Programming Language Insights: Analyzing the most popular programming languages in 2020 and comparing them across different groups such as students, professionals, data scientists, and older developers. Identifying the languages that developers are most interested in learning in the next year.
Developer Work Habits: Examining working hours across different countries and comparing the number of hours developers work in different roles and continents. Investigating the differences in work hours between freelancers and full-time developers.
Developer Demographics: Exploring how early or late developers start their coding careers and its impact on professional development.
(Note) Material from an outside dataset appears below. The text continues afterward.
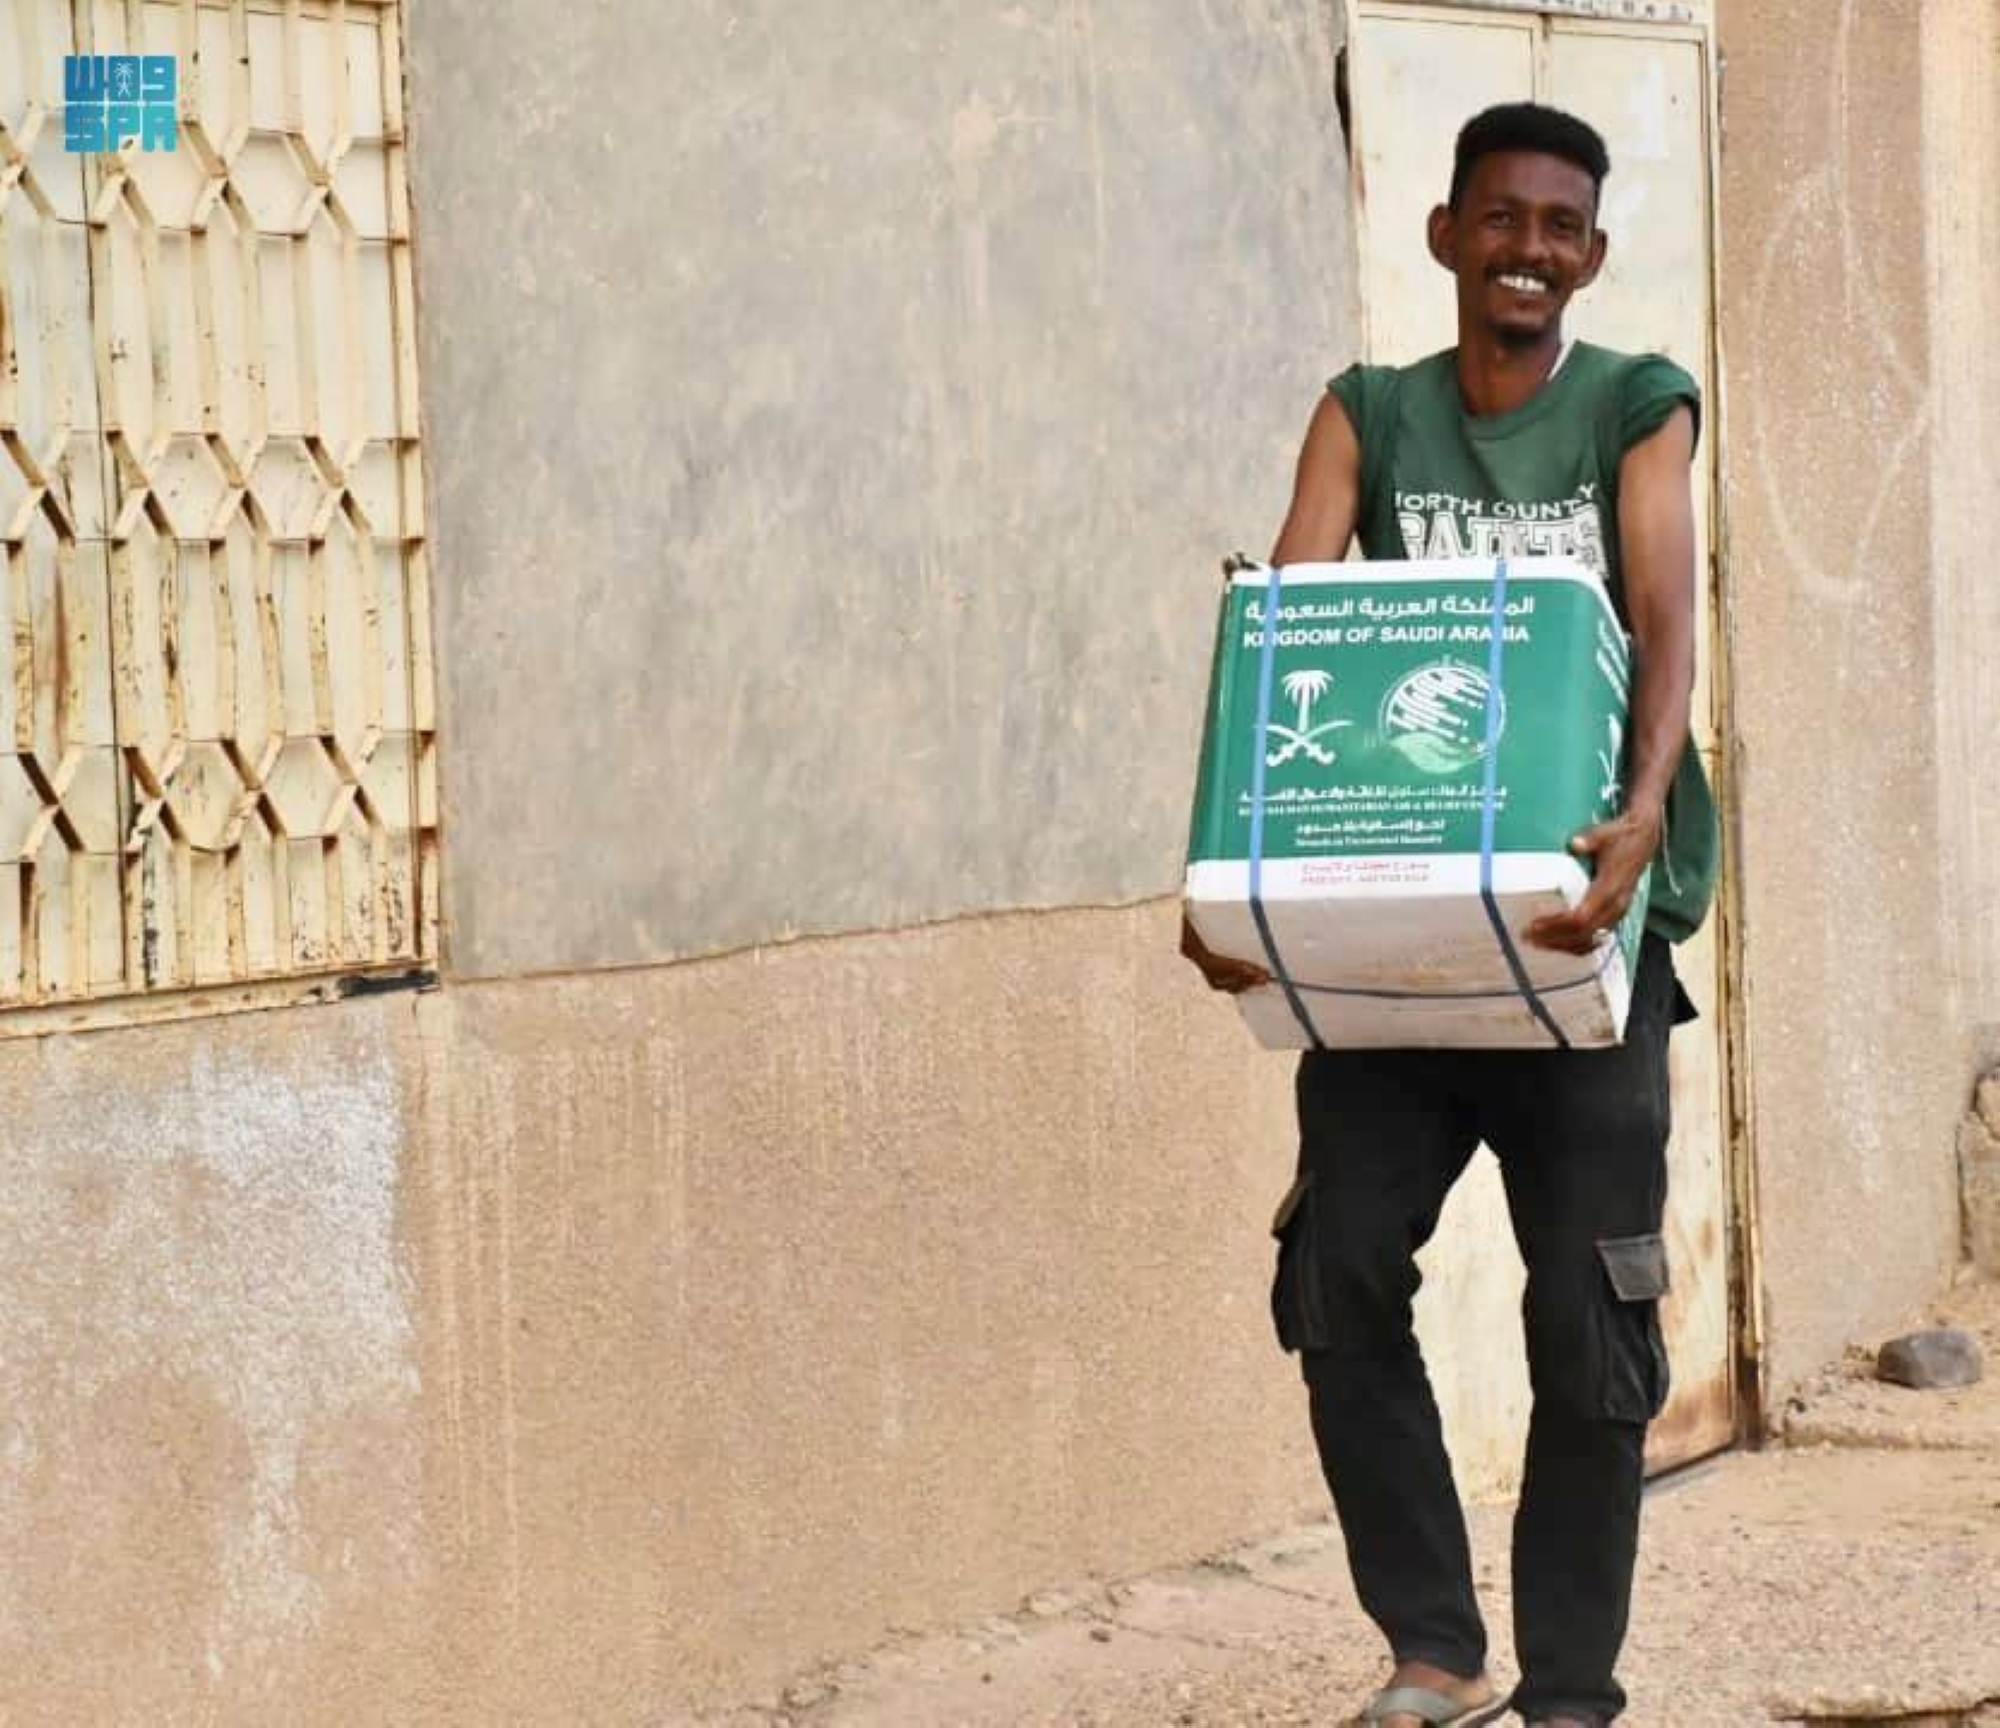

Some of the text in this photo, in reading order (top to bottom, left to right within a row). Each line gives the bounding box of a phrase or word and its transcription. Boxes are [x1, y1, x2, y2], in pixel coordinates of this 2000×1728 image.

Analyzing the relationship between age and years of professional coding experience.
Visualization: Generating bar charts, scatter plots, and histograms to visualize data trends such as programming language usage, workweek hours, and age distribution

Key Technologies/Tools

Pandas: For data manipulation, filtering, and aggregation.
Matplotlib & Seaborn: For creating visualizations, including bar charts, scatter plots, and histograms.
Python: The main programming language used for data analysis.
Jupyter Notebook: For conducting the analysis interactively and visualizing the results.

Results

Programming Languages: JavaScript, HTML/CSS, and SQL were identified as the most commonly used languages in 2020. Python emerged as a widely-used and loved language, particularly for data science, scripting, and machine learning.
Future Learning: Python and JavaScript were the most sought-after languages to learn, signaling their continued relevance in the development ecosystem.
Developer Preferences: Rust was found to be the most "loved" language, while less widely-used languages like Haskell and VBA had low interest for future learning.
Work Habits: Developers in countries like Iran and China reported the highest work hours, while overall average work hours across different continents hovered around 40 hours per week.
Professional Experience: The analysis suggested that starting a programming career at any age is viable, and many developers continue coding as a hobby, regardless of their professional experience.